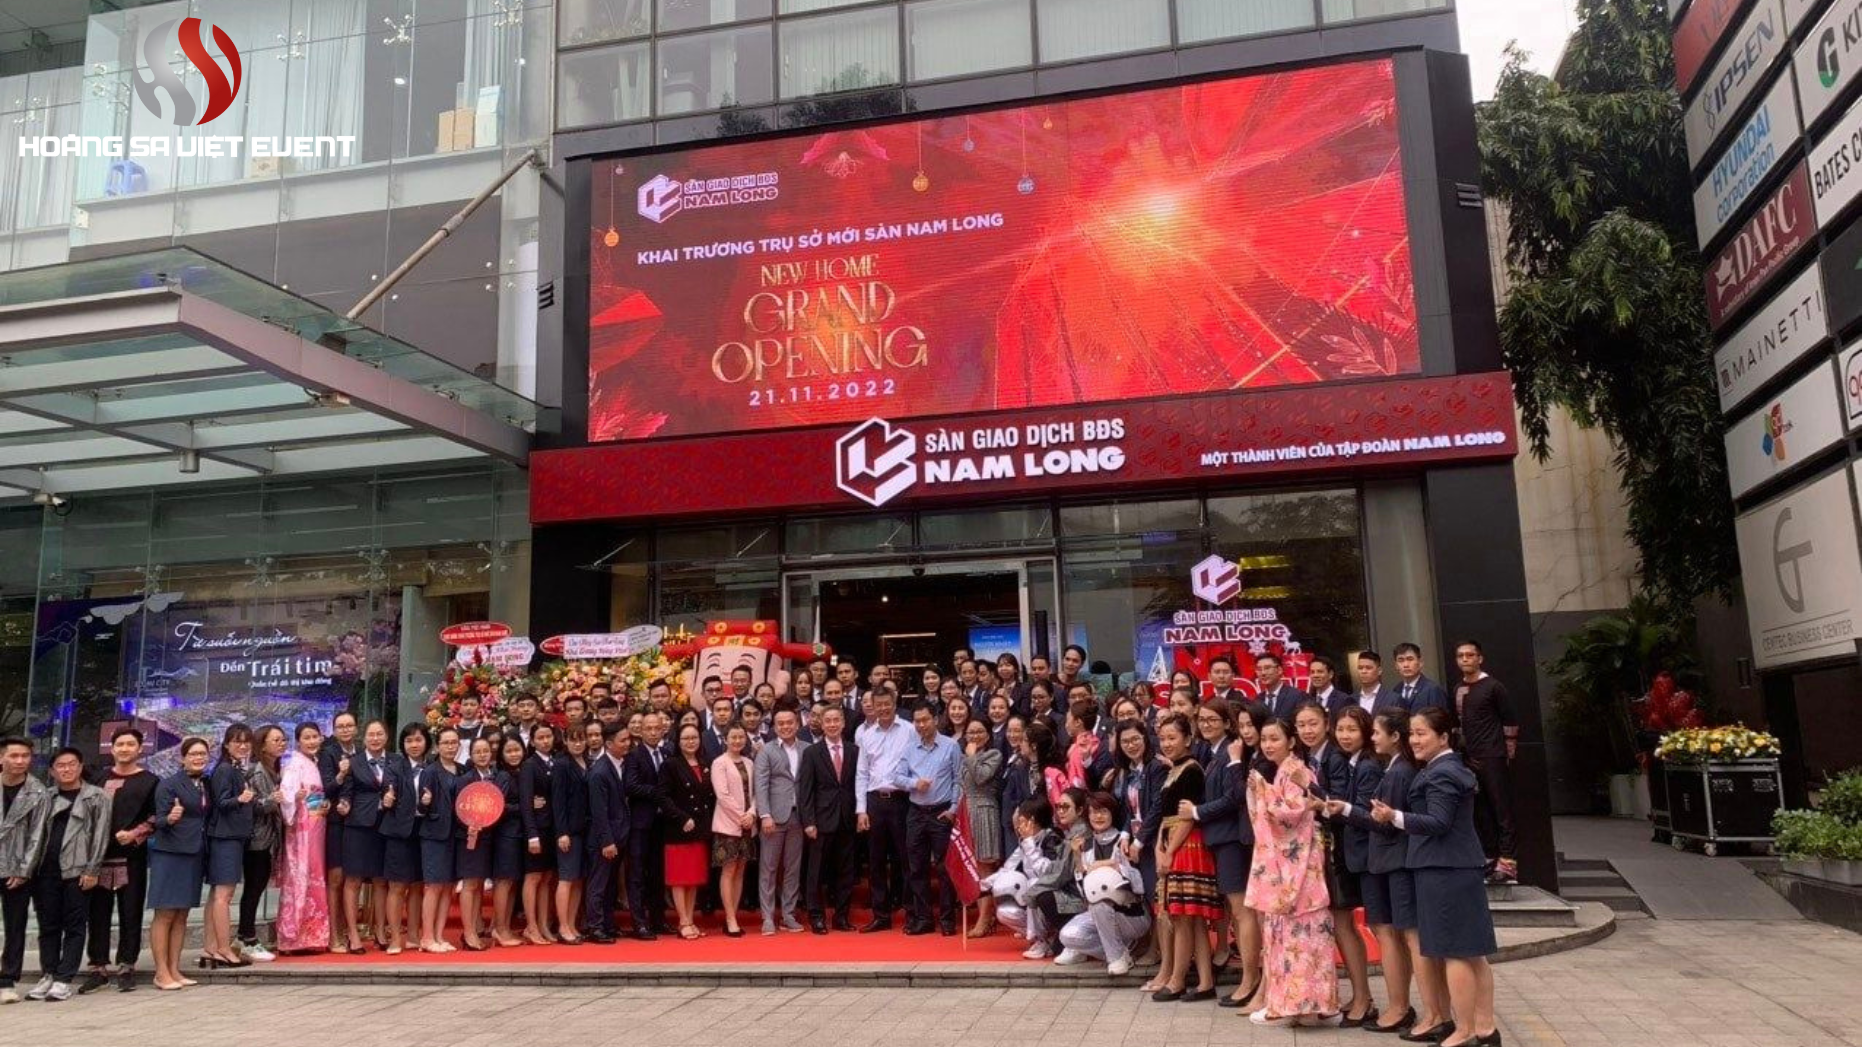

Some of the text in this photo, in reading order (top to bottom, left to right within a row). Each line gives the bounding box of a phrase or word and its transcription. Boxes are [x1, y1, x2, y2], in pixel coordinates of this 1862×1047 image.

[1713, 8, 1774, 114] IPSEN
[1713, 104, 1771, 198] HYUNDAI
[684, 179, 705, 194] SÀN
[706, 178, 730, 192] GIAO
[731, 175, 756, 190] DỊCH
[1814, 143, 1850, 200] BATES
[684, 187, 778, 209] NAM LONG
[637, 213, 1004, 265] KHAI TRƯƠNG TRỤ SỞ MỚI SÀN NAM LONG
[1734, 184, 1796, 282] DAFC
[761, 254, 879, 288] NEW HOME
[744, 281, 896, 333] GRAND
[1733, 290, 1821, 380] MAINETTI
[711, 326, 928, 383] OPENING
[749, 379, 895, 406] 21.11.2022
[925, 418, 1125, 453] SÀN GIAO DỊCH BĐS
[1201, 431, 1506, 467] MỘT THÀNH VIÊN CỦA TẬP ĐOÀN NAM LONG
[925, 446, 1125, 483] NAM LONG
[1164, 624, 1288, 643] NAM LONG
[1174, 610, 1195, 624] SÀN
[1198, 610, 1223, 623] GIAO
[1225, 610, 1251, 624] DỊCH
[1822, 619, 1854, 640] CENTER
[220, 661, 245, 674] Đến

--

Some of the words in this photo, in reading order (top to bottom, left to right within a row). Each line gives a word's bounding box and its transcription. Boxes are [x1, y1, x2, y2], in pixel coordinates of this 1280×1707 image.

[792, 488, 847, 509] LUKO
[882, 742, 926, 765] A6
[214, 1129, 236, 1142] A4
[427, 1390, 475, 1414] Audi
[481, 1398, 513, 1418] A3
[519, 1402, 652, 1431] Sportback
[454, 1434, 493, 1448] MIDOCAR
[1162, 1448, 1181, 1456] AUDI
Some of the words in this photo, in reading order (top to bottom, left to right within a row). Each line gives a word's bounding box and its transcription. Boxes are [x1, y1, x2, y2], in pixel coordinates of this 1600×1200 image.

==

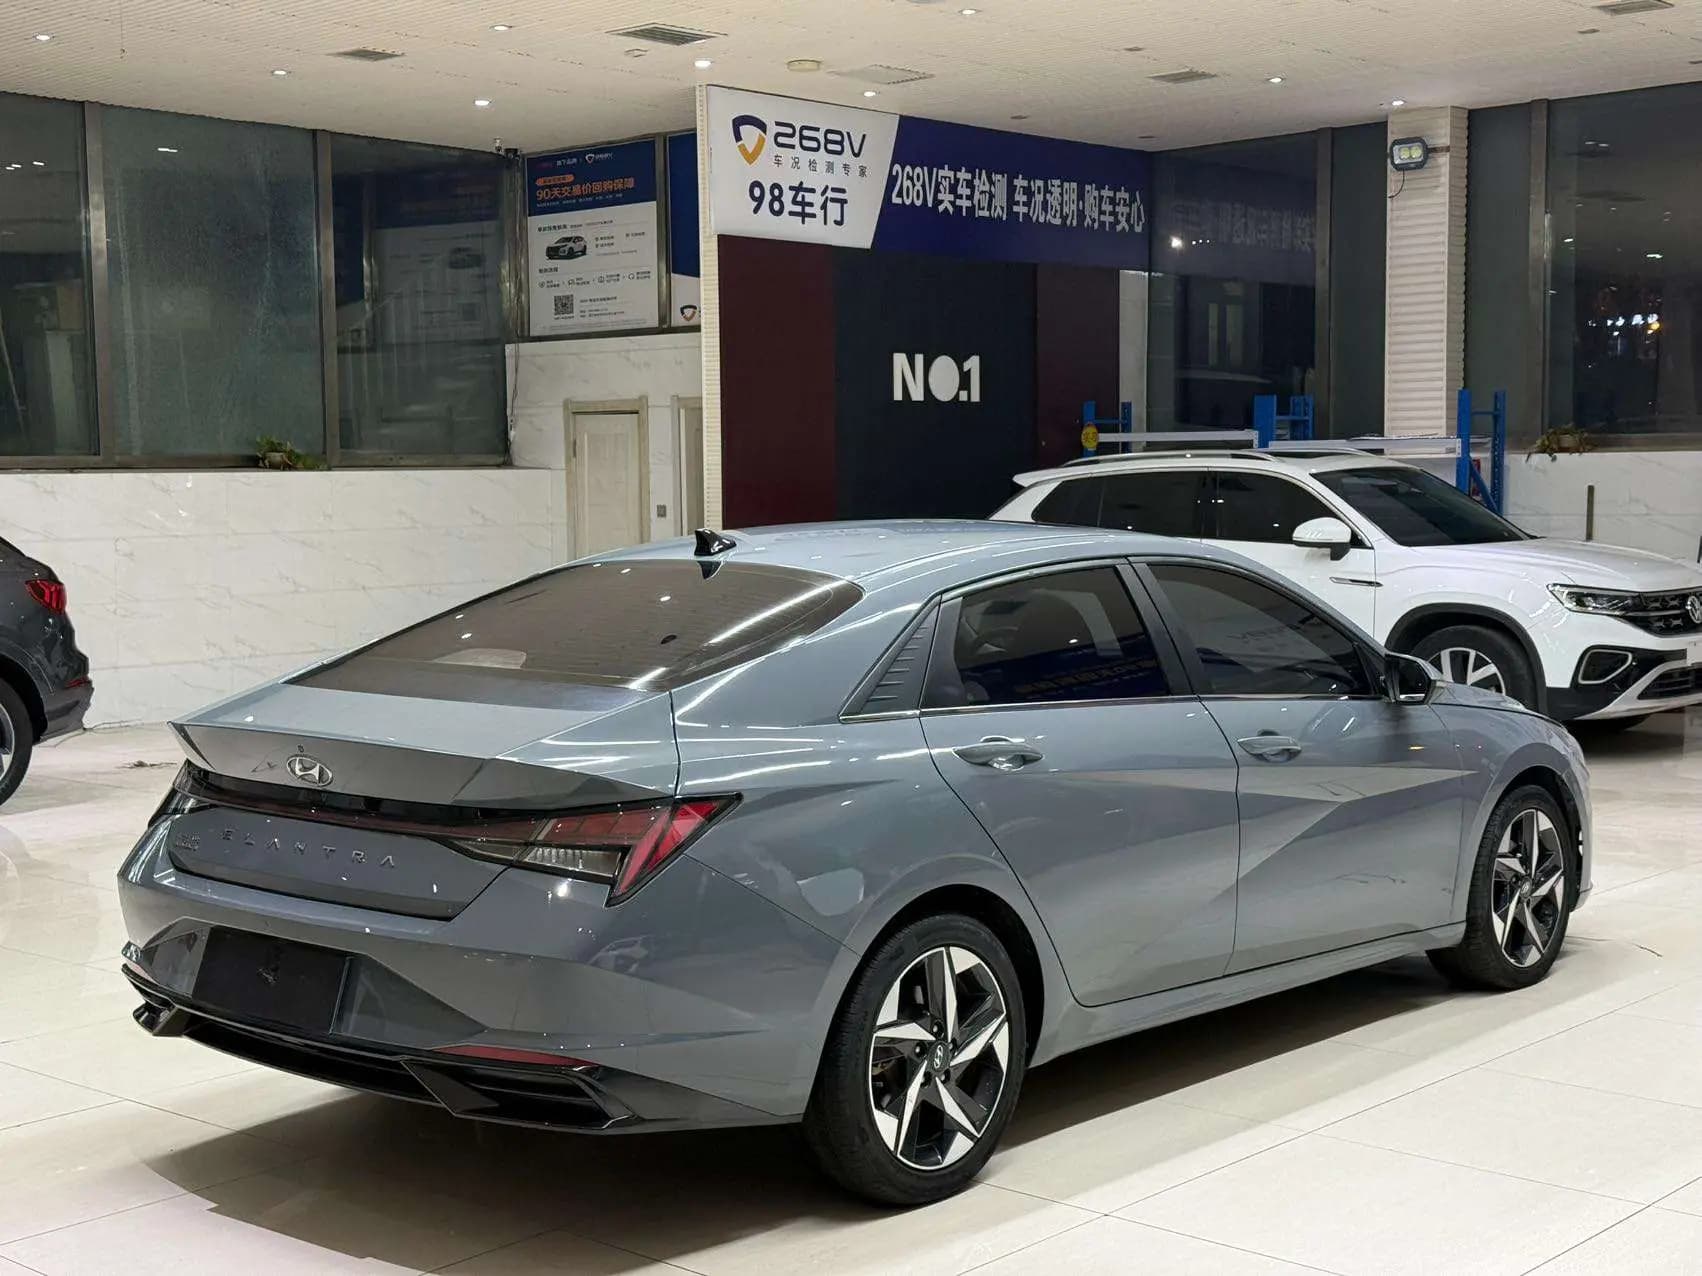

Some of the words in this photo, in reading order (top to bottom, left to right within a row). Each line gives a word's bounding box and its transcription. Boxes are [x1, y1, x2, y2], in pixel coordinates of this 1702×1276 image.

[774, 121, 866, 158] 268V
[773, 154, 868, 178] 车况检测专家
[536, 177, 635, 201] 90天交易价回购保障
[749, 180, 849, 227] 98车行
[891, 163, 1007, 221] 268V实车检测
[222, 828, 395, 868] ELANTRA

[WHAT IS NEEDED]:
What do the lines above say from the one containing "this 1280×1707 image." down to the one containing "this 1600×1200 image."? Return them exactly, both end lines included, and only them.

[WRITTEN SOLUTION]:
Some of the words in this photo, in reading order (top to bottom, left to right within a row). Each line gives a word's bounding box and its transcription. Boxes are [x1, y1, x2, y2], in pixel coordinates of this 1280×1707 image.

[792, 488, 847, 509] LUKO
[882, 742, 926, 765] A6
[214, 1129, 236, 1142] A4
[427, 1390, 475, 1414] Audi
[481, 1398, 513, 1418] A3
[519, 1402, 652, 1431] Sportback
[454, 1434, 493, 1448] MIDOCAR
[1162, 1448, 1181, 1456] AUDI
Some of the words in this photo, in reading order (top to bottom, left to right within a row). Each line gives a word's bounding box and its transcription. Boxes are [x1, y1, x2, y2], in pixel coordinates of this 1600×1200 image.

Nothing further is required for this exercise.